* [Records for processing]
◆ ◆ ◆

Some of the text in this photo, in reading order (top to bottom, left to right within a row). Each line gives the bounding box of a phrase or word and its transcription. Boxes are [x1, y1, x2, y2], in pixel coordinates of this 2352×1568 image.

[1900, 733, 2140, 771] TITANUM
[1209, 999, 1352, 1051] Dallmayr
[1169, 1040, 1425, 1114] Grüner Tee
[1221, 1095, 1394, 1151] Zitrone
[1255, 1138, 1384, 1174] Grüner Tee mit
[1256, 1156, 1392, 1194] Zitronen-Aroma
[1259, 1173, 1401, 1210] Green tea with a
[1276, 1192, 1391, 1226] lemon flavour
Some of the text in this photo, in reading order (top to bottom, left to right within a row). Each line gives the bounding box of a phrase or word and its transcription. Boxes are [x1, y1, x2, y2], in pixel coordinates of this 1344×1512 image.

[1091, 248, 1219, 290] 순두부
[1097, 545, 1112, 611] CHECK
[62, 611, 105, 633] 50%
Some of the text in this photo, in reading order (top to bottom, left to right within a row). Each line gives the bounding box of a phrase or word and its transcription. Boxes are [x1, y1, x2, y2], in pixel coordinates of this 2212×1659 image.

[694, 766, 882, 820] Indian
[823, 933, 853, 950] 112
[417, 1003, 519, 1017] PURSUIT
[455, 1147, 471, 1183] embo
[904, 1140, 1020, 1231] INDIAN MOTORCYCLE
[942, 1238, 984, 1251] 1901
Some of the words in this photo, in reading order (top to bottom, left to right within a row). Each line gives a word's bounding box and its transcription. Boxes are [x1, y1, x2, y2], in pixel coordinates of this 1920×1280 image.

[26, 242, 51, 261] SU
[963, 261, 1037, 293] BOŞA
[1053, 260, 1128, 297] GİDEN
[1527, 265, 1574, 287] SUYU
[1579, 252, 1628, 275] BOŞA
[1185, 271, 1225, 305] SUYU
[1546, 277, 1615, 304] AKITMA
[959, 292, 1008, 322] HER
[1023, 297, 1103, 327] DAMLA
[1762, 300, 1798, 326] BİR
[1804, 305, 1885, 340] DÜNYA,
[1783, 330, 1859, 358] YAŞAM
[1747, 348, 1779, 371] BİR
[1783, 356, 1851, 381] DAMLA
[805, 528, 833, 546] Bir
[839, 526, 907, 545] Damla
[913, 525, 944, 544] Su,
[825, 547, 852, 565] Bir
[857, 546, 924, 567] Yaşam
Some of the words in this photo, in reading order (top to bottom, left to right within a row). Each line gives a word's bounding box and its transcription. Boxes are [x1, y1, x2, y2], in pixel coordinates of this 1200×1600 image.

◆ ◆ ◆

* [Directions] All of the entries above need to be reproduced exactly.

* [Answer to the exercise]
Some of the text in this photo, in reading order (top to bottom, left to right within a row). Each line gives the bounding box of a phrase or word and its transcription. Boxes are [x1, y1, x2, y2], in pixel coordinates of this 2352×1568 image.

[1900, 733, 2140, 771] TITANUM
[1209, 999, 1352, 1051] Dallmayr
[1169, 1040, 1425, 1114] Grüner Tee
[1221, 1095, 1394, 1151] Zitrone
[1255, 1138, 1384, 1174] Grüner Tee mit
[1256, 1156, 1392, 1194] Zitronen-Aroma
[1259, 1173, 1401, 1210] Green tea with a
[1276, 1192, 1391, 1226] lemon flavour
Some of the text in this photo, in reading order (top to bottom, left to right within a row). Each line gives the bounding box of a phrase or word and its transcription. Boxes are [x1, y1, x2, y2], in pixel coordinates of this 1344×1512 image.

[1091, 248, 1219, 290] 순두부
[1097, 545, 1112, 611] CHECK
[62, 611, 105, 633] 50%
Some of the text in this photo, in reading order (top to bottom, left to right within a row). Each line gives the bounding box of a phrase or word and its transcription. Boxes are [x1, y1, x2, y2], in pixel coordinates of this 2212×1659 image.

[694, 766, 882, 820] Indian
[823, 933, 853, 950] 112
[417, 1003, 519, 1017] PURSUIT
[455, 1147, 471, 1183] embo
[904, 1140, 1020, 1231] INDIAN MOTORCYCLE
[942, 1238, 984, 1251] 1901
Some of the words in this photo, in reading order (top to bottom, left to right within a row). Each line gives a word's bounding box and its transcription. Boxes are [x1, y1, x2, y2], in pixel coordinates of this 1920×1280 image.

[26, 242, 51, 261] SU
[963, 261, 1037, 293] BOŞA
[1053, 260, 1128, 297] GİDEN
[1527, 265, 1574, 287] SUYU
[1579, 252, 1628, 275] BOŞA
[1185, 271, 1225, 305] SUYU
[1546, 277, 1615, 304] AKITMA
[959, 292, 1008, 322] HER
[1023, 297, 1103, 327] DAMLA
[1762, 300, 1798, 326] BİR
[1804, 305, 1885, 340] DÜNYA,
[1783, 330, 1859, 358] YAŞAM
[1747, 348, 1779, 371] BİR
[1783, 356, 1851, 381] DAMLA
[805, 528, 833, 546] Bir
[839, 526, 907, 545] Damla
[913, 525, 944, 544] Su,
[825, 547, 852, 565] Bir
[857, 546, 924, 567] Yaşam
Some of the words in this photo, in reading order (top to bottom, left to right within a row). Each line gives a word's bounding box and its transcription. Boxes are [x1, y1, x2, y2], in pixel coordinates of this 1200×1600 image.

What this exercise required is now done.